→ **Description of the task**
A faithful transcription of all the data, images excluded, is the required answer.

*** Opening of Records supplied ***

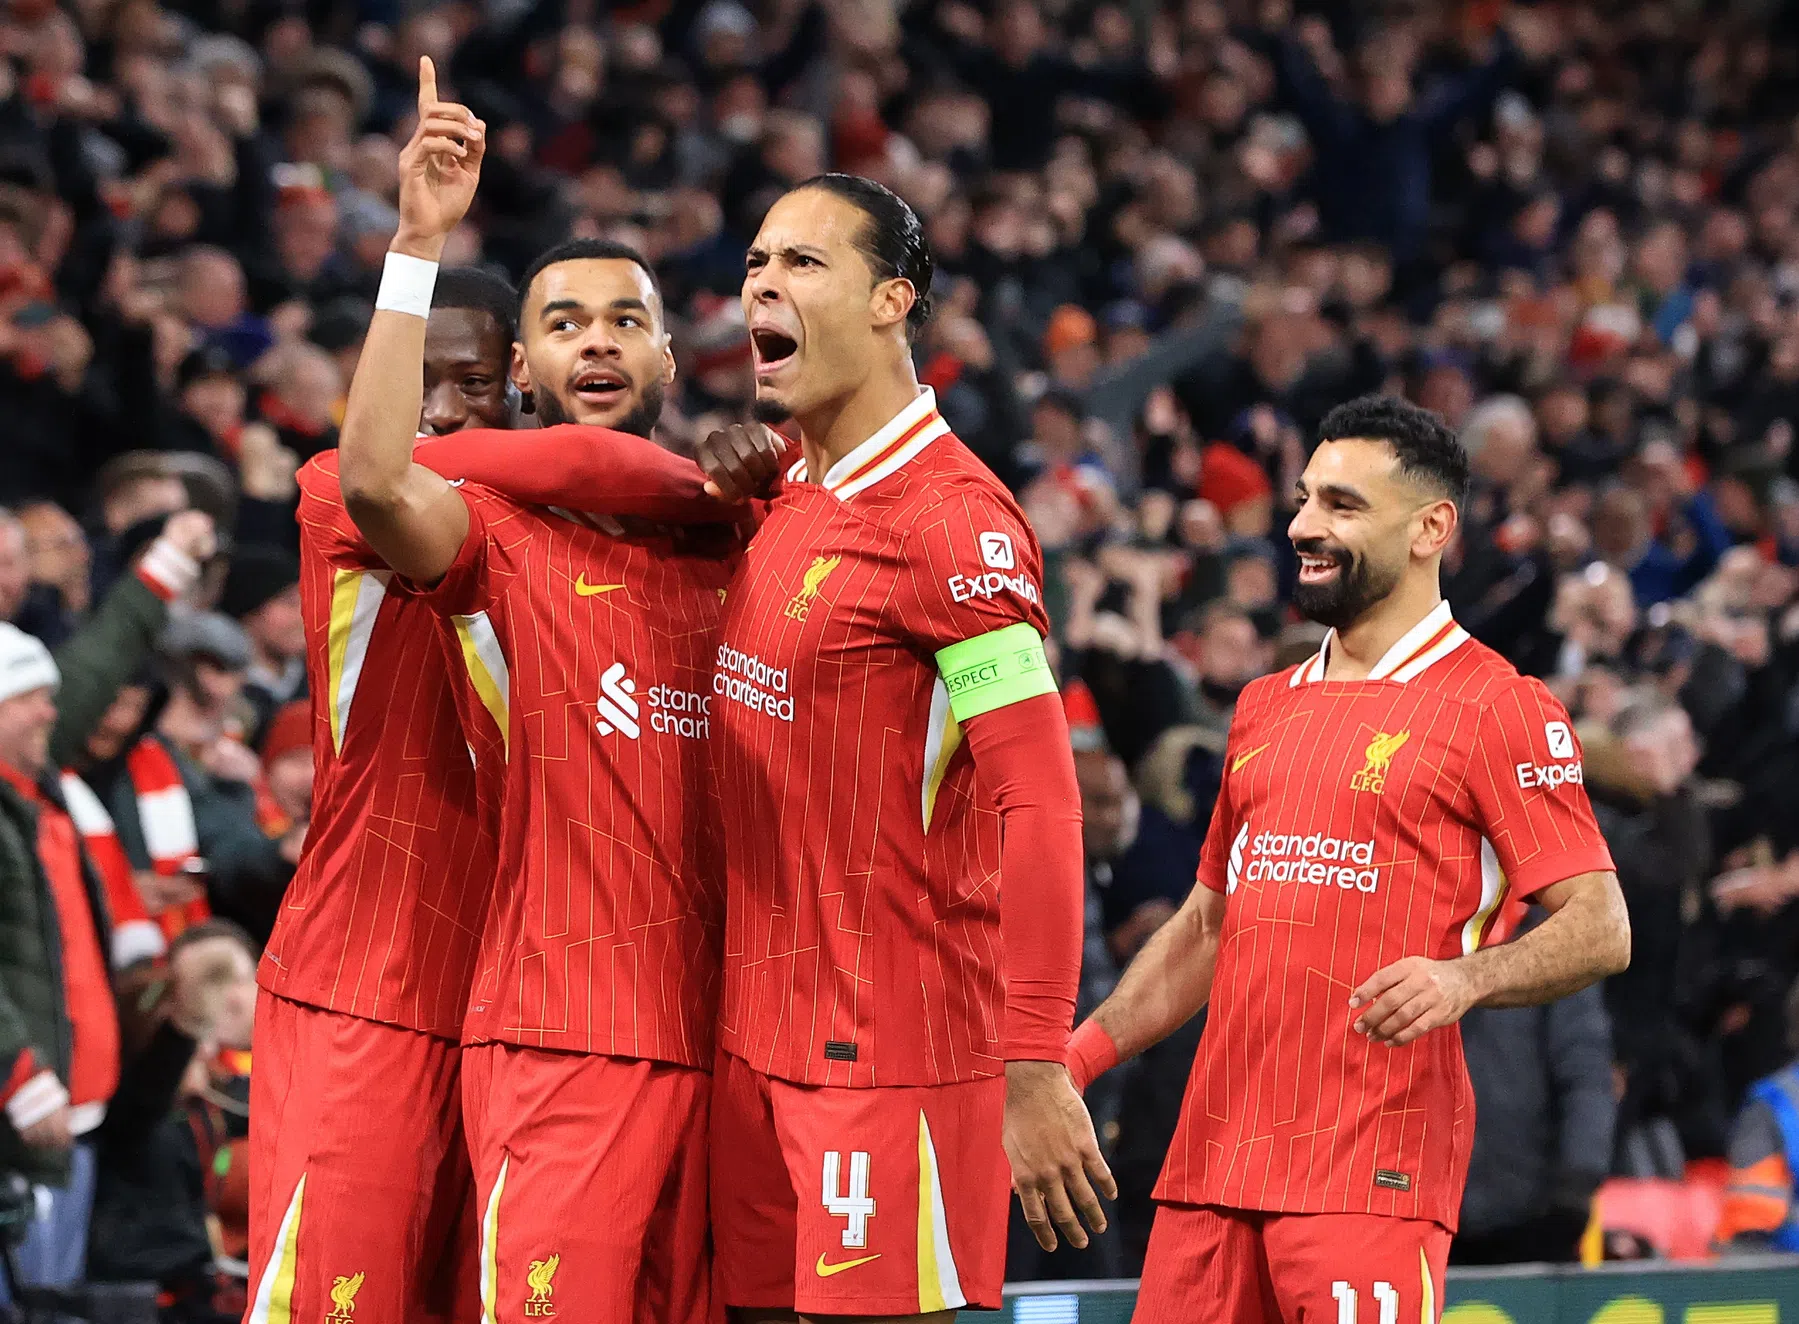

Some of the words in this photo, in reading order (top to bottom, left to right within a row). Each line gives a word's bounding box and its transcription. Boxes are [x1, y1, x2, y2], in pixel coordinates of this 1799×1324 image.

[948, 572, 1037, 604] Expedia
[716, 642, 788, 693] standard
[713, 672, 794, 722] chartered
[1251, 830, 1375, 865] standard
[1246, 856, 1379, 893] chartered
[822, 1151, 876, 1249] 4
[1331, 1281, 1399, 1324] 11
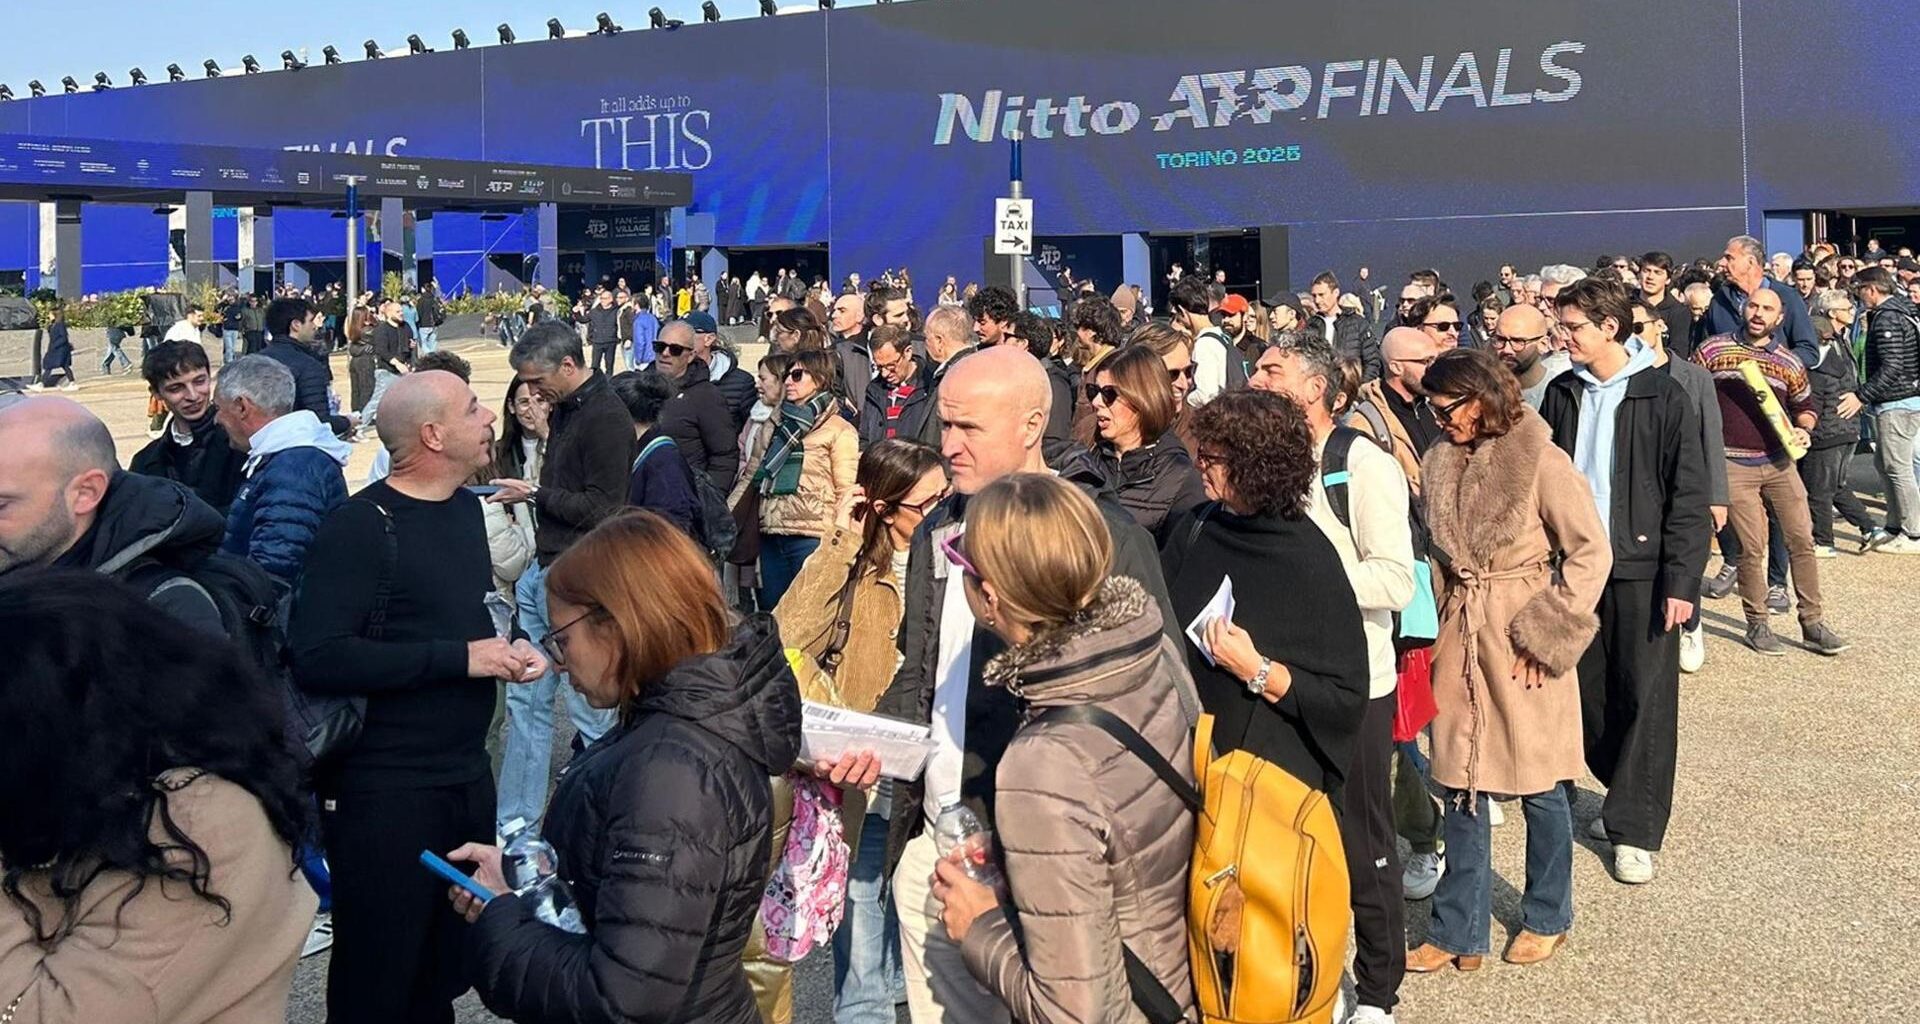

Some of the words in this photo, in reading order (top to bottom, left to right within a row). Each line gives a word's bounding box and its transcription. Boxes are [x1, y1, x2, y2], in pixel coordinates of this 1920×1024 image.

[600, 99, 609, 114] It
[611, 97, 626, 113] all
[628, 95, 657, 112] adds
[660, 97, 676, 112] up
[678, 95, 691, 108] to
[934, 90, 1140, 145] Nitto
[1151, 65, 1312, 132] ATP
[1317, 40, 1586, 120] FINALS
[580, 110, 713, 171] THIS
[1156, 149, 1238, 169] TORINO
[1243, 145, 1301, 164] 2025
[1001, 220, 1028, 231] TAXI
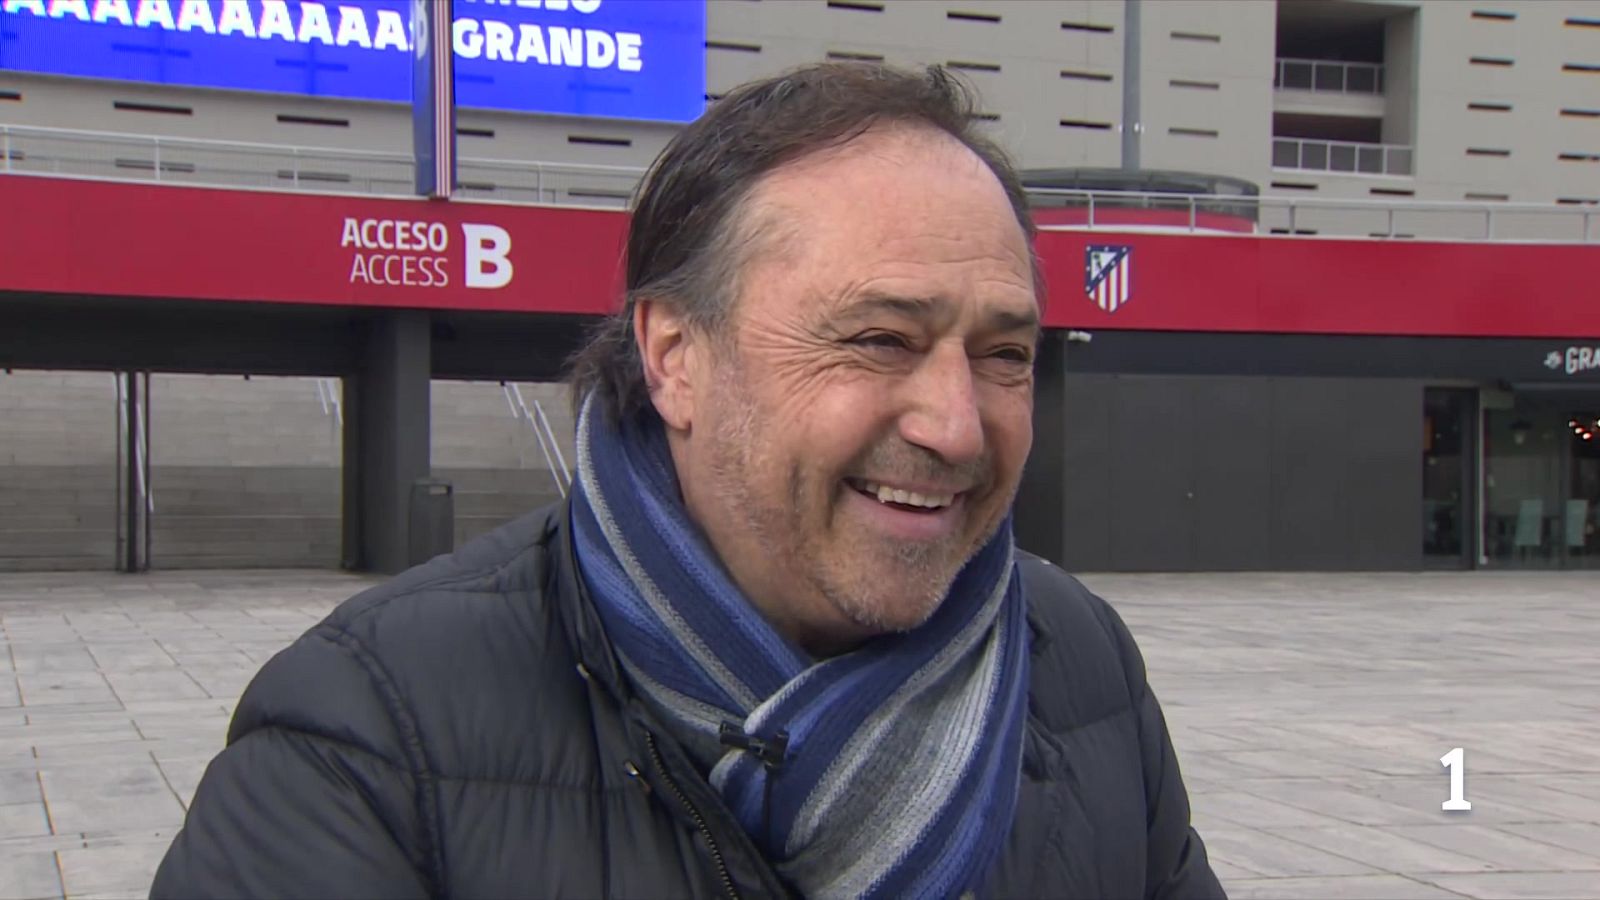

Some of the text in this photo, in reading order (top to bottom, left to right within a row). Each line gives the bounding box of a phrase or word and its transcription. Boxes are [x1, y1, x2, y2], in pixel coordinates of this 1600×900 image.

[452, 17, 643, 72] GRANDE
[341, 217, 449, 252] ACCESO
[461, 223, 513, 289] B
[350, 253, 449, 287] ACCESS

*** Close of Records supplied ***

→ **Exercise output**
Some of the words in this photo, in reading order (top to bottom, left to right within a row). Each line gives a word's bounding box and its transcription. Boxes are [x1, y1, x2, y2], in pixel coordinates of this 1799×1324 image.

[948, 572, 1037, 604] Expedia
[716, 642, 788, 693] standard
[713, 672, 794, 722] chartered
[1251, 830, 1375, 865] standard
[1246, 856, 1379, 893] chartered
[822, 1151, 876, 1249] 4
[1331, 1281, 1399, 1324] 11

Some of the words in this photo, in reading order (top to bottom, left to right within a row). Each line gives a word's bounding box and its transcription. Boxes are [x1, y1, x2, y2], in pixel coordinates of this 1920×1024 image.

[600, 99, 609, 114] It
[611, 97, 626, 113] all
[628, 95, 657, 112] adds
[660, 97, 676, 112] up
[678, 95, 691, 108] to
[934, 90, 1140, 145] Nitto
[1151, 65, 1312, 132] ATP
[1317, 40, 1586, 120] FINALS
[580, 110, 713, 171] THIS
[1156, 149, 1238, 169] TORINO
[1243, 145, 1301, 164] 2025
[1001, 220, 1028, 231] TAXI

Some of the text in this photo, in reading order (top to bottom, left to right within a row). Each line gives the bounding box of a phrase or word and its transcription. Boxes are [x1, y1, x2, y2], in pixel coordinates of this 1600×900 image.

[452, 17, 643, 72] GRANDE
[341, 217, 449, 252] ACCESO
[461, 223, 513, 289] B
[350, 253, 449, 287] ACCESS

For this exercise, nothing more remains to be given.